Я был в Соларе, в кабинете, с in-folio Шекспира? А что случилось после этого, дальше? Явно Амалия подсыпала мне ЛСД в суп. И я поплыл в туман, где мельтешили персонажи, вылезающие из множества складок памяти, из закоулков.
Какой я дурак. Все гораздо проще. В Соларе меня поразил второй инсульт, меня сочли умершим и схоронили, и теперь, в могиле, я проснулся. Похоронен заживо. Как в страшном рассказе. Нет — тогда мне бы полагалось содрогаться и биться, задыхаться в гробу, в полной власти ужаса. А ведь все совершенно не так со мною. Я не ощущаю себя телом. Я торжественно спокоен. Я живу в воспоминаниях, кружащих около меня, и ощущаю радость. Вряд ли такие ощущения свойственны заживо погребенным.
Значит, приходим к выводу, что я умер и что тот свет — именно вот это нудное спокойное пространство, где я несчетное количество раз переживу мою реально прожитую биографию? Если реальная биография была паршивой — тем неприятнее для меня, потому что на том свете мне выпадет ад. А если биография была отличной — значит, пребывать мне в раю? Что за глупости. По такой логике что предуготовано горбатым, слепым, глухонемым? Или, предположим, в реальной жизни все, кого мы любили, мерли как мухи, родители, жена, пятилетний сын, так что же, на том свете нам перелсивать все эти улсасы по новой? Разве ад это не «другие»,[322]разве ад — это смерть, которую мы перетаскиваем за собой на тот свет? Даже самый зловредный из богов не смог бы выдумать подобную штуку. Если только вот оказался бы прав Граньола! Стоп. Граньола… Так звали кого-то из знакомых. Плохо, что воспоминания беспорядочно накладываются друг на дружку. Надо бы их выстроить по порядку, поставить в очередь, в затылок, иначе я опять заблужусь в густом тумане и снова вылезет, танцуя, на меня огнедышащий паяц «Термоген».

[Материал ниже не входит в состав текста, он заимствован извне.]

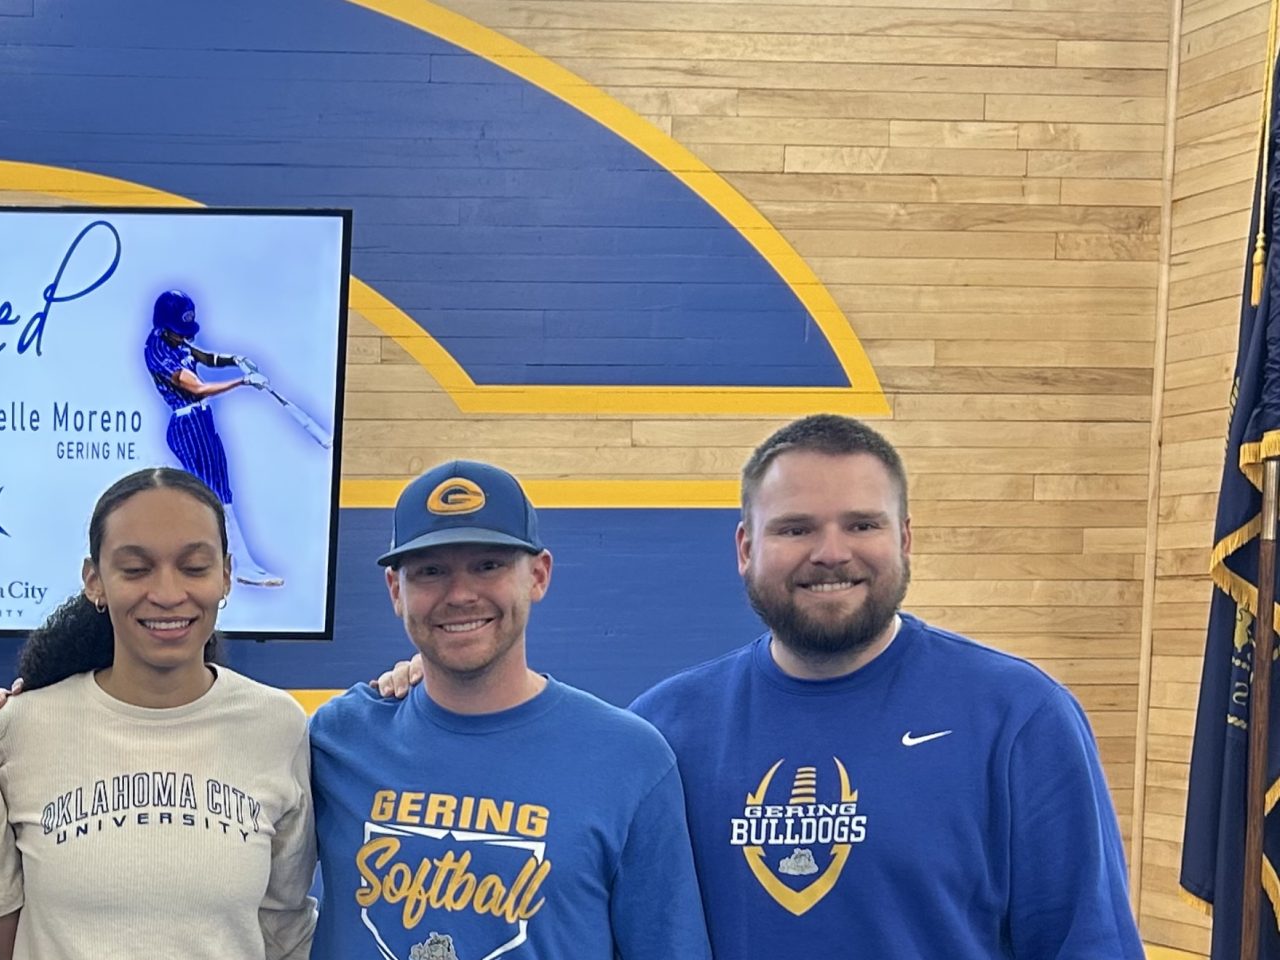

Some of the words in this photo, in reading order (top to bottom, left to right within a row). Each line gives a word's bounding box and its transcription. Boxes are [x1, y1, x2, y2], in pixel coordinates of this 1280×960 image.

[53, 402, 142, 432] Moreno
[56, 441, 110, 459] GERING
[7, 580, 48, 604] City
[40, 771, 198, 835] OKLAHOMA
[207, 779, 261, 832] CITY
[371, 790, 550, 837] GERING
[744, 803, 857, 818] GERING
[57, 812, 249, 844] UNIVERSITY
[730, 816, 867, 845] BULLDOGS
[356, 836, 551, 929] Softball

А может, я и не умирал. Умершему как испытывать земные страсти? Любовь к родителям? Беспокойство из-за бомбежек? Умирать — это ведь означает высвобождаться из циклов жизни, освобождаться от сердцебиений. Каким бы адским ни оказался ад, я смог бы видеть со звездного расстояния то, чем я был, чем являлся. Ад — не сдирание кожи в горячей смоле. Ад — это зрелище зол, которые ты натворил в жизни. От этого зрелища не освободишься вовек. И ты это знаешь. Но сам ты — чистейший дух. Я же, наоборот, не только все помню, но и переживаю: кошмары, привязанности, радость. Не ощущаю тела, но сохраняю память о своем теле, и мучаюсь, как будто тело все еще при мне. Так люди, у которых ампутировали ногу, продолжают чувствовать фантомную боль.

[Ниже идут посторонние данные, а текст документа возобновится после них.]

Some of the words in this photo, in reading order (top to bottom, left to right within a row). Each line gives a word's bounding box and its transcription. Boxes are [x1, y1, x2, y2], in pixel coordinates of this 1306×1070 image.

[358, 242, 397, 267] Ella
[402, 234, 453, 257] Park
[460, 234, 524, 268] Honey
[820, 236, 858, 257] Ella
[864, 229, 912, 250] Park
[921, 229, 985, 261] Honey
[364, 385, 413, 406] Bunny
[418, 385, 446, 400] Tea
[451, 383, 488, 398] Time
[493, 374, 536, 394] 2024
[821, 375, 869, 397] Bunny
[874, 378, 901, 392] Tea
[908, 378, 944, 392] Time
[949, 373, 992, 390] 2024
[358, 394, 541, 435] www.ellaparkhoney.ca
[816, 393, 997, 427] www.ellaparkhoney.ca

Начнем сначала. Так. У меня случился повторный инсульт, тяжелее первого. Я перевозбудился сперва от мечтаний о Лиле, а после — от находки in-folio. Давление подскочило до невообразимой степени, бац — и теперь я в коме.
Родные и близкие, Паола, дочки (и Гратароло, который себе простить не может, что выпустил меня из клиники и разрешил уехать, вместо того чтобы держать под наблюдением, по меньшей мере, месяцев шесть) полагают, что я в глубокой коме. Энцефалограмма показывает, что мозг совершенно бездеятелен, и они терзают себя вопросами — отключить ли аппарат или сохранять меня в этом виде бог знает сколько месяцев и лет. Паола держит меня за руку, Карла с Николеттой ставят пластинки, потому что они прочитали в книгах, что в случае комы какая-то музыка, или голос, или вообще какой-то неожиданный стимул могут человека разбудить и возвратить к жизни. И они будут упорно бороться год за годом, кормить меня через трубочку. Человек с минимальным достоинством, если бы мог, сказал бы, что с этим надо кончать немедленно, бедные девочки, для вас, конечно, это будет очень даже тяжело, но все-таки освободитесь. Следует срочно отключать аппарат. Но — ужас! Я не в состоянии донести до них эту мысль!